### WHAT THE TASK REQUIRES
Leave the pictures out and return every line below exactly.

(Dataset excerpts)
::::::::::

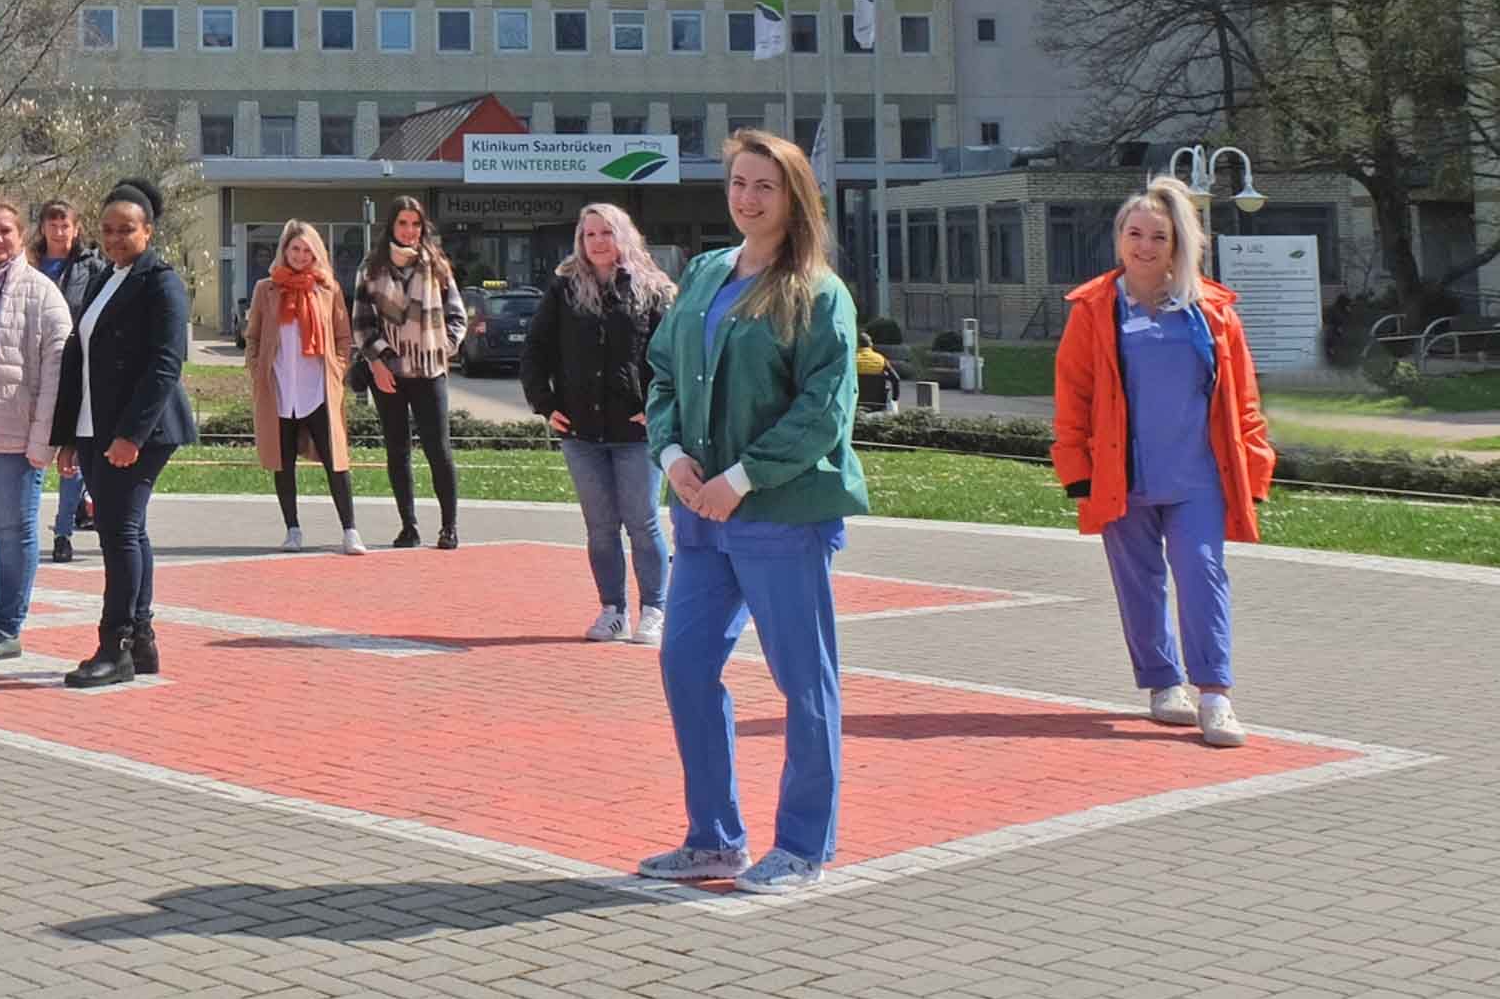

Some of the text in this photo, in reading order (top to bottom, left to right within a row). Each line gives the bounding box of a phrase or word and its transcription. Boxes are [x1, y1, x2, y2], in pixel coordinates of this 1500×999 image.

[471, 140, 612, 153] Klinikum Saarbrücken
[472, 159, 587, 171] DER WINTERBERG
[447, 196, 564, 216] Haupteingang
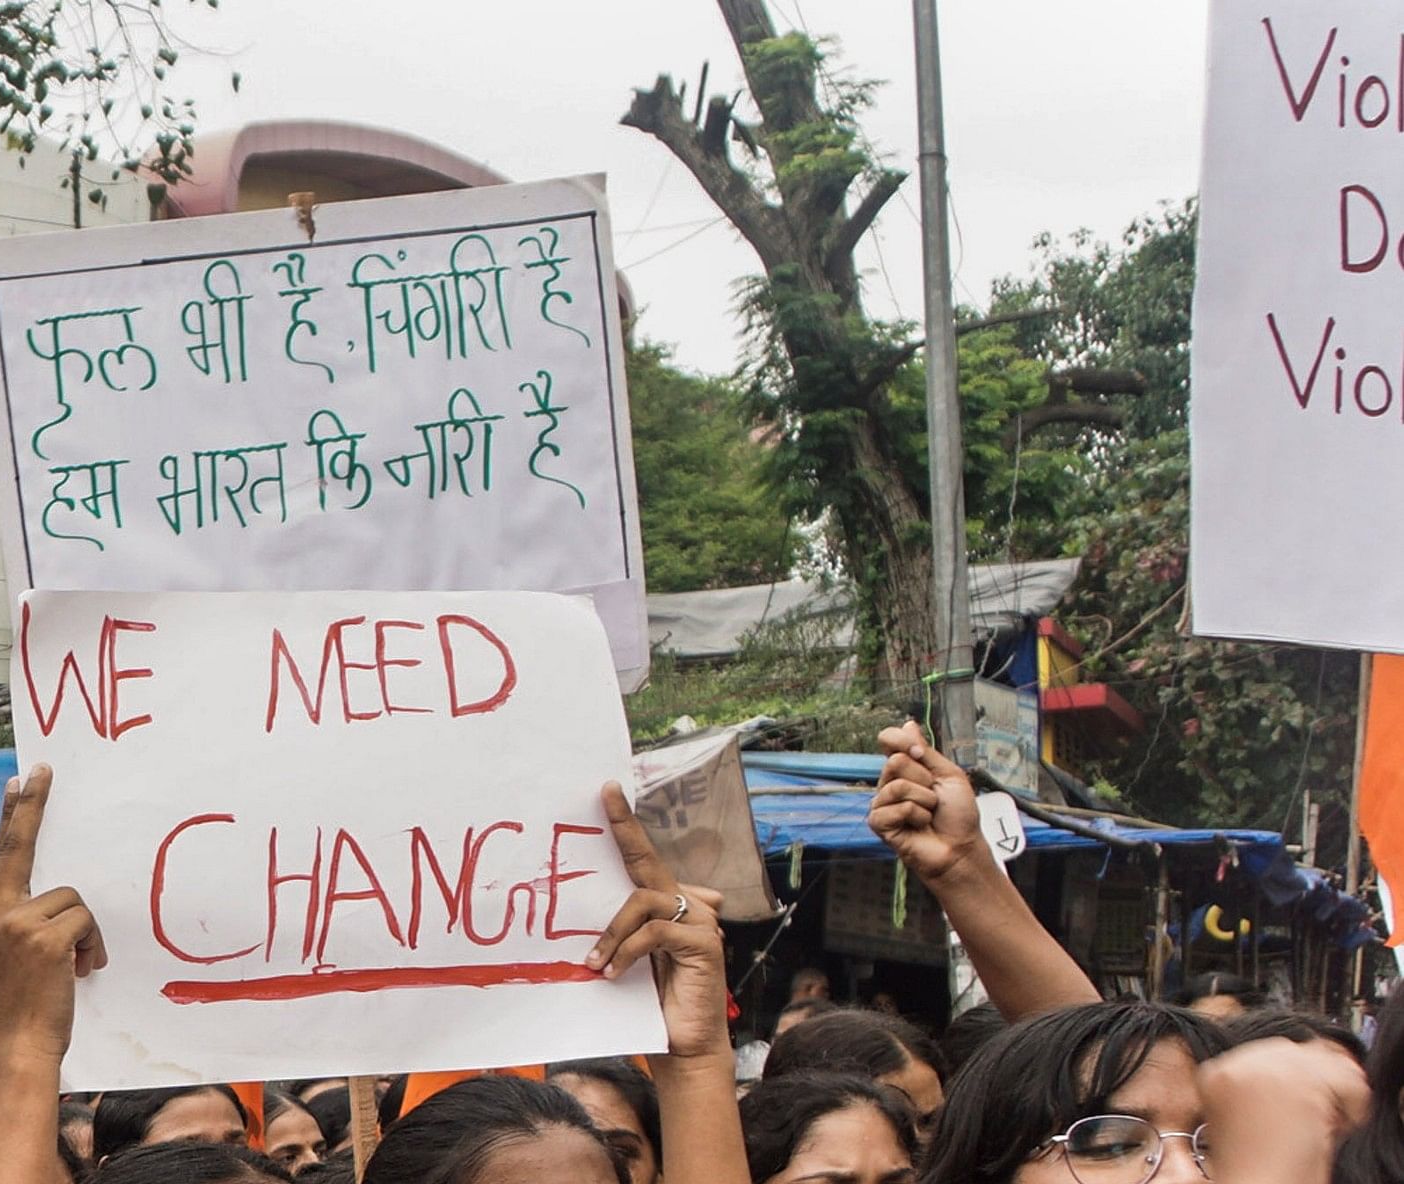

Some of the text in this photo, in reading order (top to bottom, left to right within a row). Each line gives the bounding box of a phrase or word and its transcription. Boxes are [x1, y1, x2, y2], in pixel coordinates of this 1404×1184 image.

::::::::::

### ANSWER BOX
Some of the text in this photo, in reading order (top to bottom, left to right within a row). Each line gives the bounding box of a phrase or word and its transcription. Boxes are [x1, y1, x2, y2], in pixel coordinates of this 1500×999 image.

[471, 140, 612, 153] Klinikum Saarbrücken
[472, 159, 587, 171] DER WINTERBERG
[447, 196, 564, 216] Haupteingang

Some of the text in this photo, in reading order (top to bottom, left to right within a row). Each line gives the bounding box of a phrase or word and its transcription. Boxes are [x1, y1, x2, y2], in pixel coordinates of this 1404×1184 image.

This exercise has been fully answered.